Assim, como aprendi que está todo mundo certo eu tento integrar essas dimensões o que quase me leva a loucura, mas eu sou teimoso! Pois para alguém estar totalmente errado é preciso estar muito certo.

Voltando a falar de Bhakti, meu segundo grande encontro devocional foi com os discípulos de Sai Baba, cantávamos bajans, às vezes por 24h e era um tremendo êxtase, cantava e tocava violão e tabla. As práticas devocionais desse período foram as que tiveram o maior impacto na minha vida, foi o momento que mais me transformei, ou seja nessa relação devocional com o o Divino e suas personificações, tinha uns 18 anos nessa época.

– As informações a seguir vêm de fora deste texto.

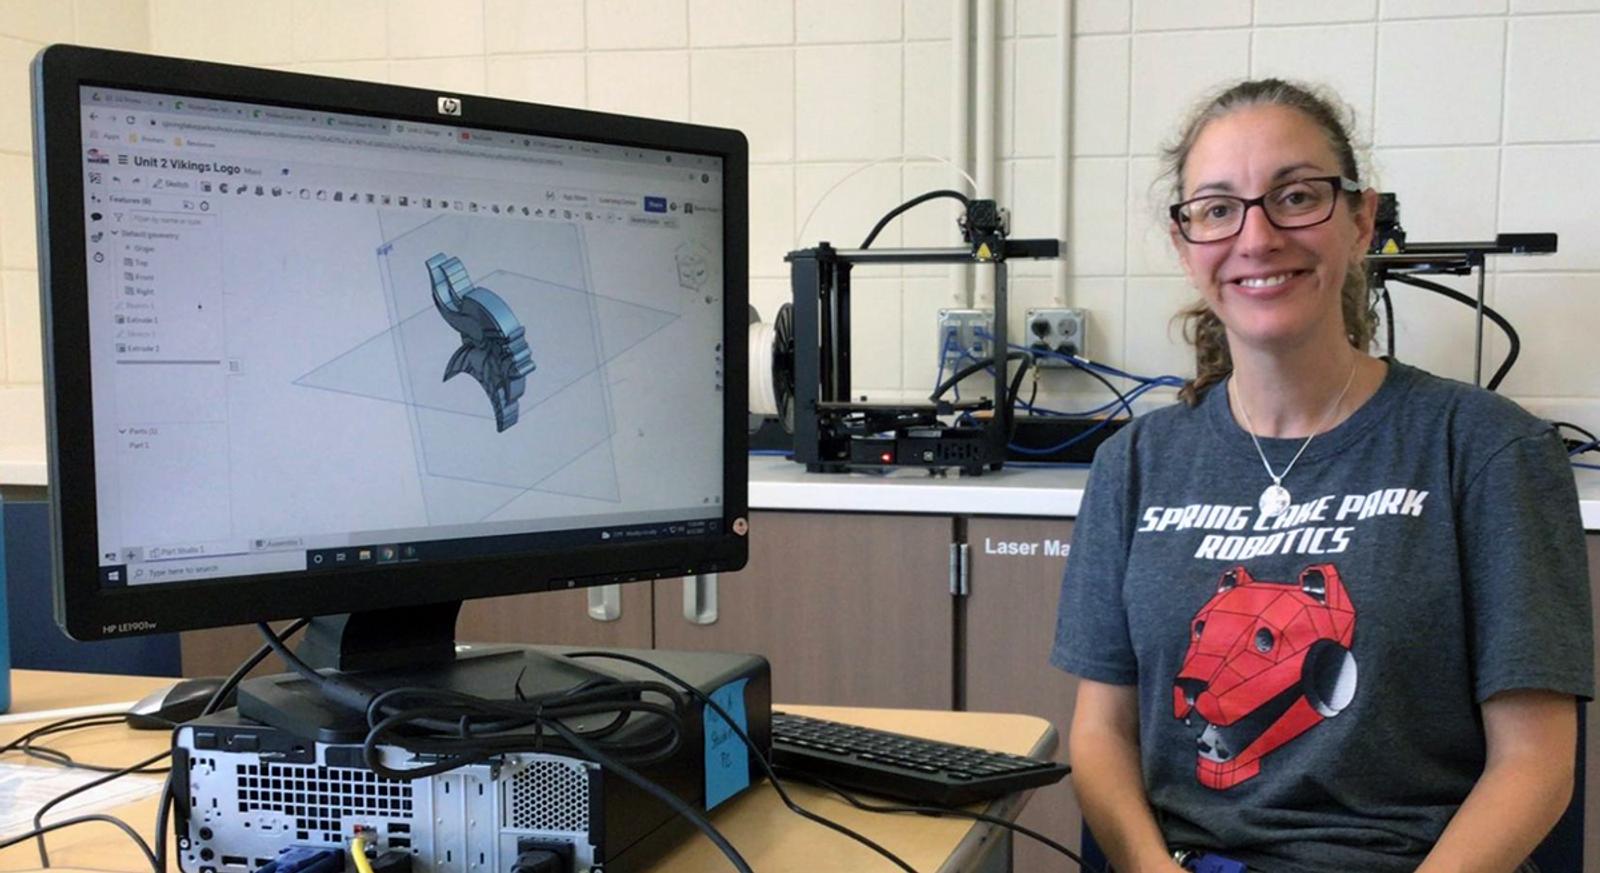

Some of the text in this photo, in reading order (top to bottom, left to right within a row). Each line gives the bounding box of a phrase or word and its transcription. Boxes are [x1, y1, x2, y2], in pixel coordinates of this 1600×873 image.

[134, 156, 158, 168] Unit
[160, 158, 168, 169] 2
[170, 159, 211, 174] Vikings
[213, 162, 241, 176] Logo
[165, 179, 190, 189] Sketch
[109, 194, 140, 205] Features
[121, 230, 180, 241] Default geometry
[134, 244, 155, 254] Origin
[135, 259, 149, 268] Top
[135, 273, 154, 281] Front
[136, 287, 155, 297] Right
[126, 316, 153, 325] Extrude
[127, 344, 154, 353] Extrude
[1138, 488, 1430, 532] SPRING LAKE PARK
[985, 537, 1039, 556] Laser
[1193, 527, 1355, 561] ROBOTICS
[150, 568, 166, 578] Type
[167, 566, 184, 575] here
[195, 564, 219, 574] search
[102, 621, 158, 635] HP LE1901w
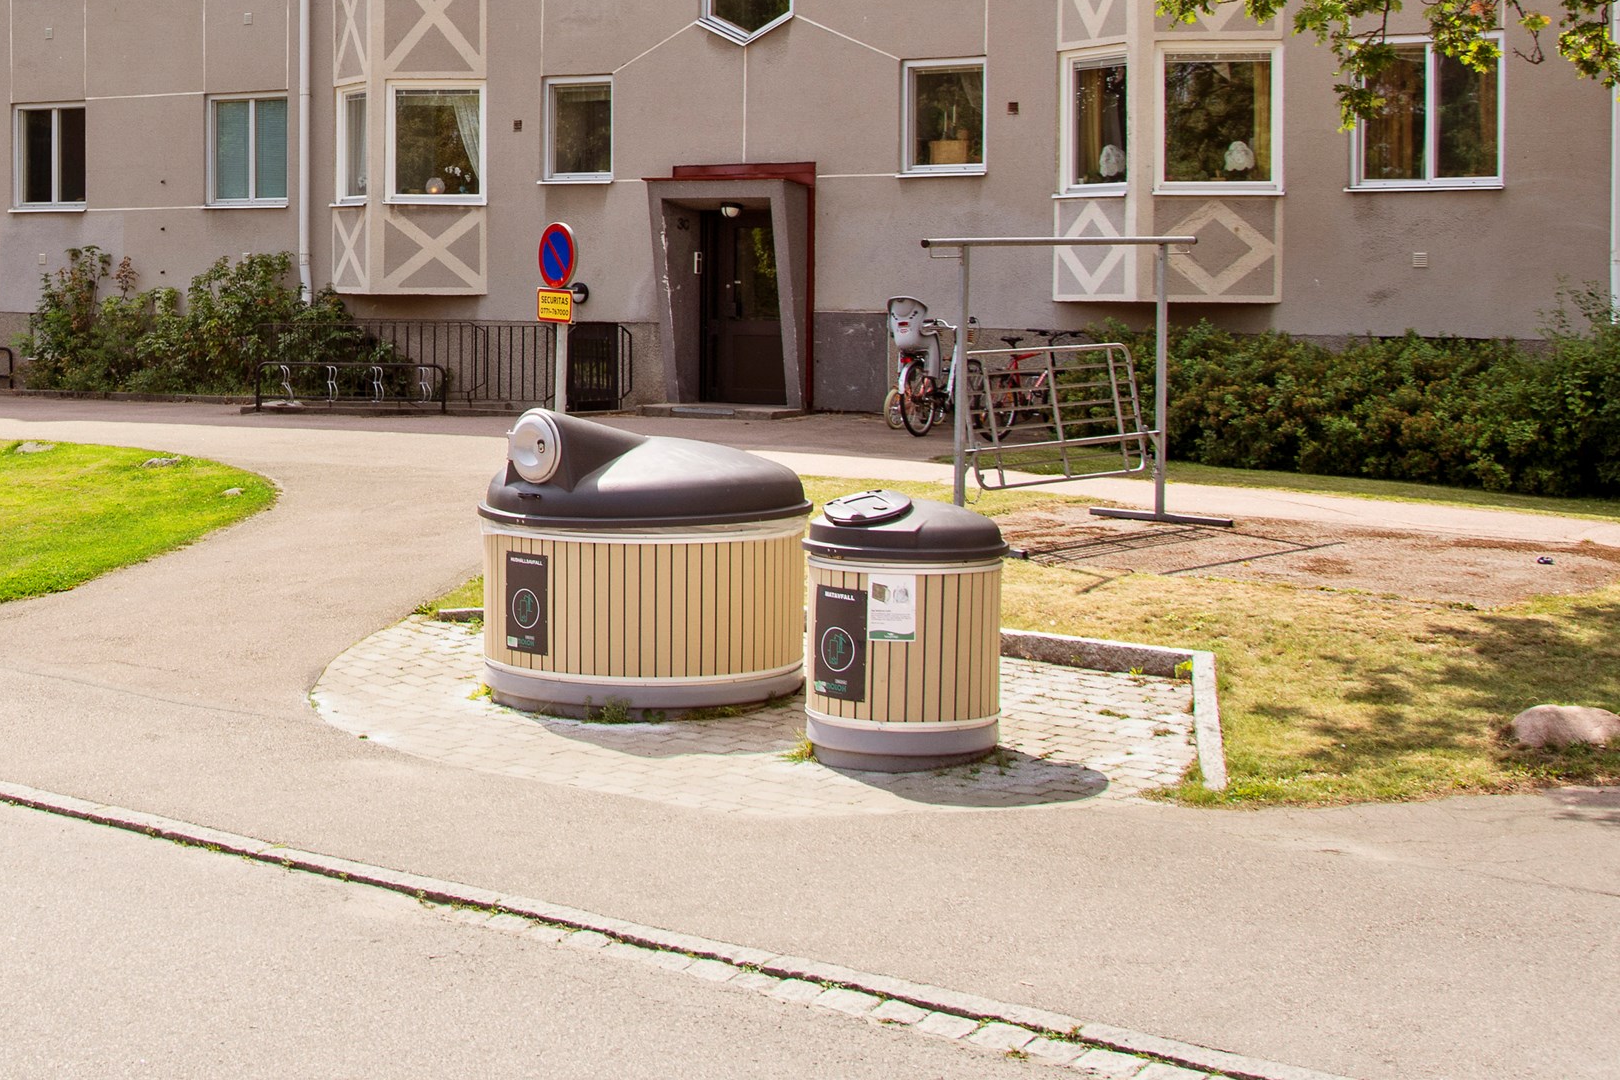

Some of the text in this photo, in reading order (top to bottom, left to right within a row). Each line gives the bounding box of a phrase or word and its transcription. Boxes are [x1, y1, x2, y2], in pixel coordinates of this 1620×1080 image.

[540, 295, 569, 305] SECURITAS
[540, 307, 569, 316] 0771-767000
[824, 590, 856, 601] MATAVFALL
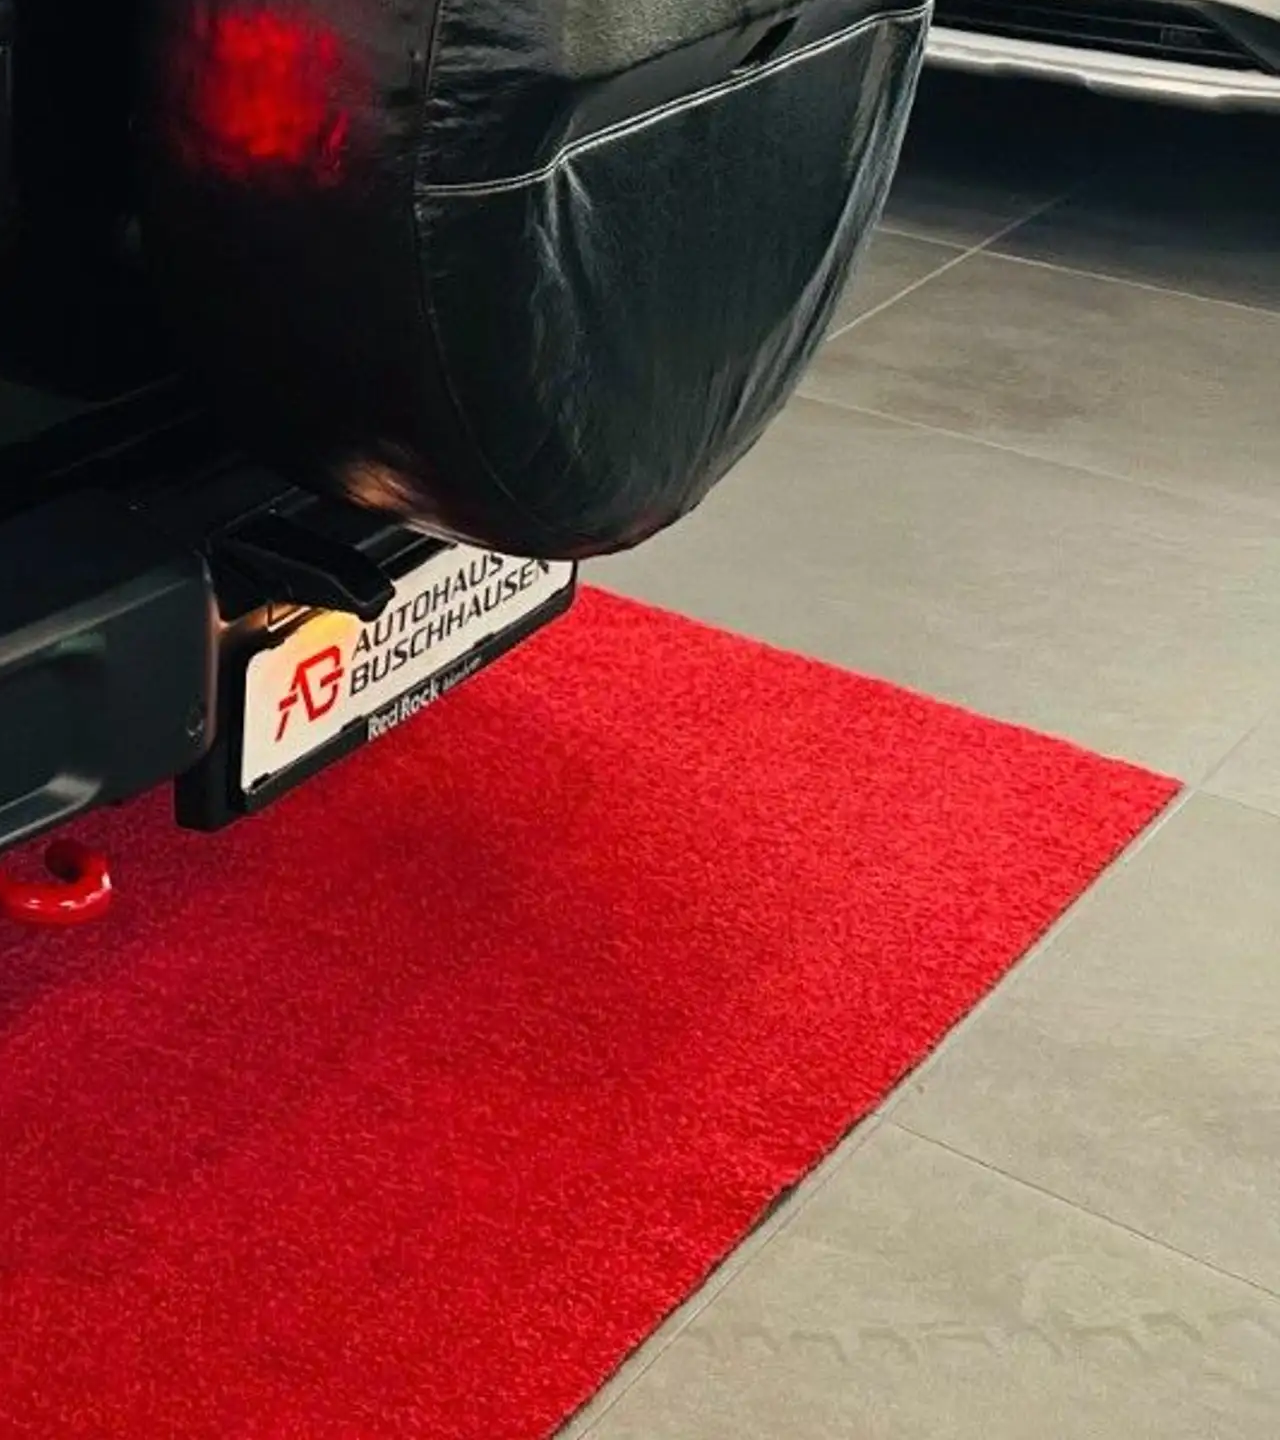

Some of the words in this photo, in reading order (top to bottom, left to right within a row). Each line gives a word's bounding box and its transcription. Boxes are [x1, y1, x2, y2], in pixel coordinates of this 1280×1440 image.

[349, 558, 550, 697] BUSCHHAUSEN
[351, 551, 504, 661] AUTOHAUS
[367, 702, 400, 743] Red
[400, 678, 439, 722] Rock
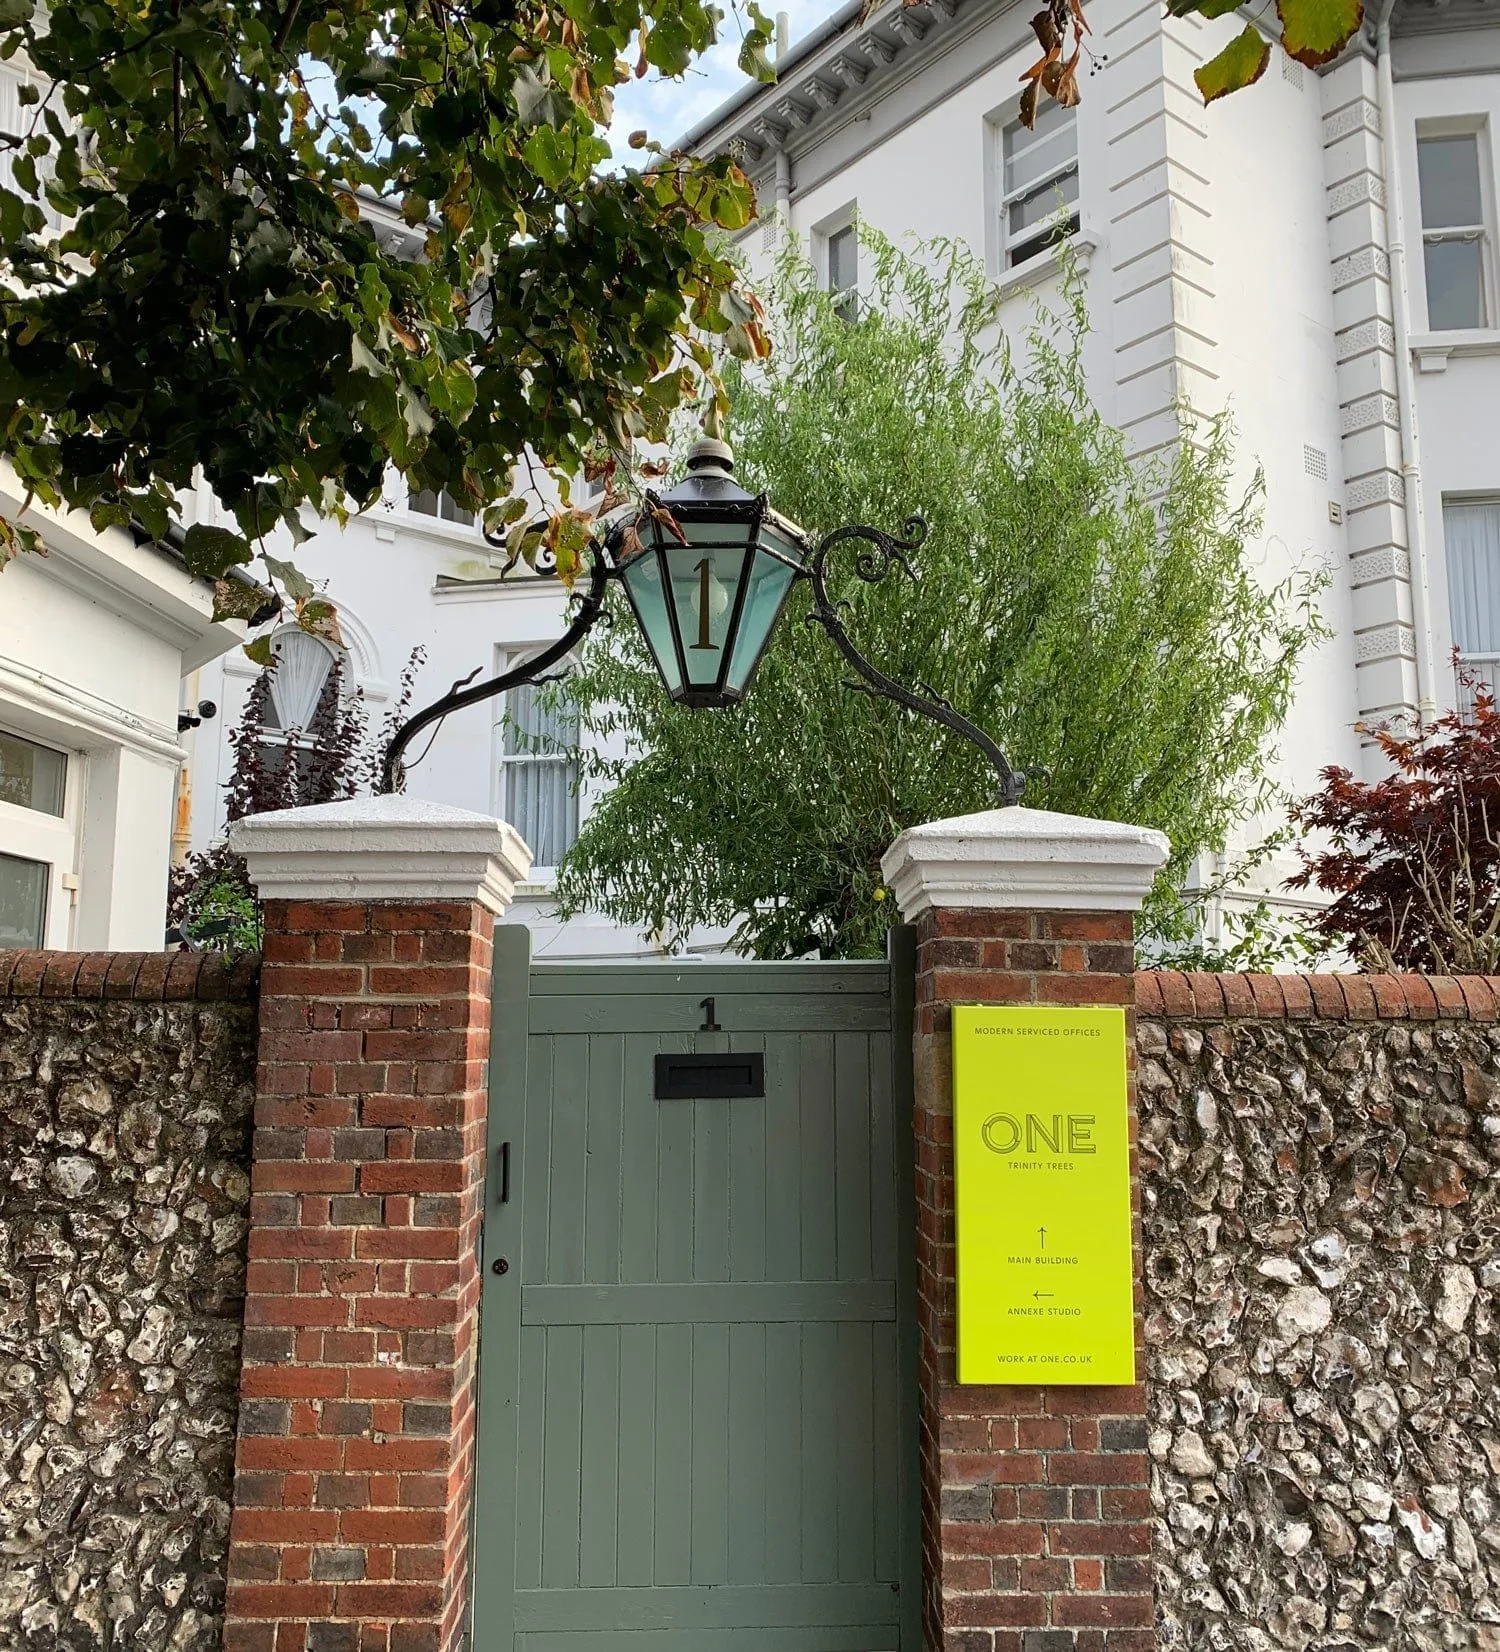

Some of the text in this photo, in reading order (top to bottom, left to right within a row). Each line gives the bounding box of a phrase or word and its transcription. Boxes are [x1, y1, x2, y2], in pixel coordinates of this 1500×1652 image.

Percebidas essas diferenças, eu confio e sinto profundamente no meu coração e na minha sabedoria que o caminho da meditação, eu-eu. e o caminho de bhakti. eu-tu. são complementares. São formas de estabelecer relação (real-ação) com o divino.

Ontem, estive no Templo de Gora Nitai em Teresópolis. Ao chegar lá para surpresa encontrai um grupo de niteroienses que visitava. Eu me sentei e praticando minha meditação de abrir espaço tentei manter a alegria e o desapego de sempre na tal prática budista. Mas depois de muitas histórias e de prática de Yoga depois do Satsang, abriram-se as cortinas das Deidades e começaram os kirtans (cânticos devocionais).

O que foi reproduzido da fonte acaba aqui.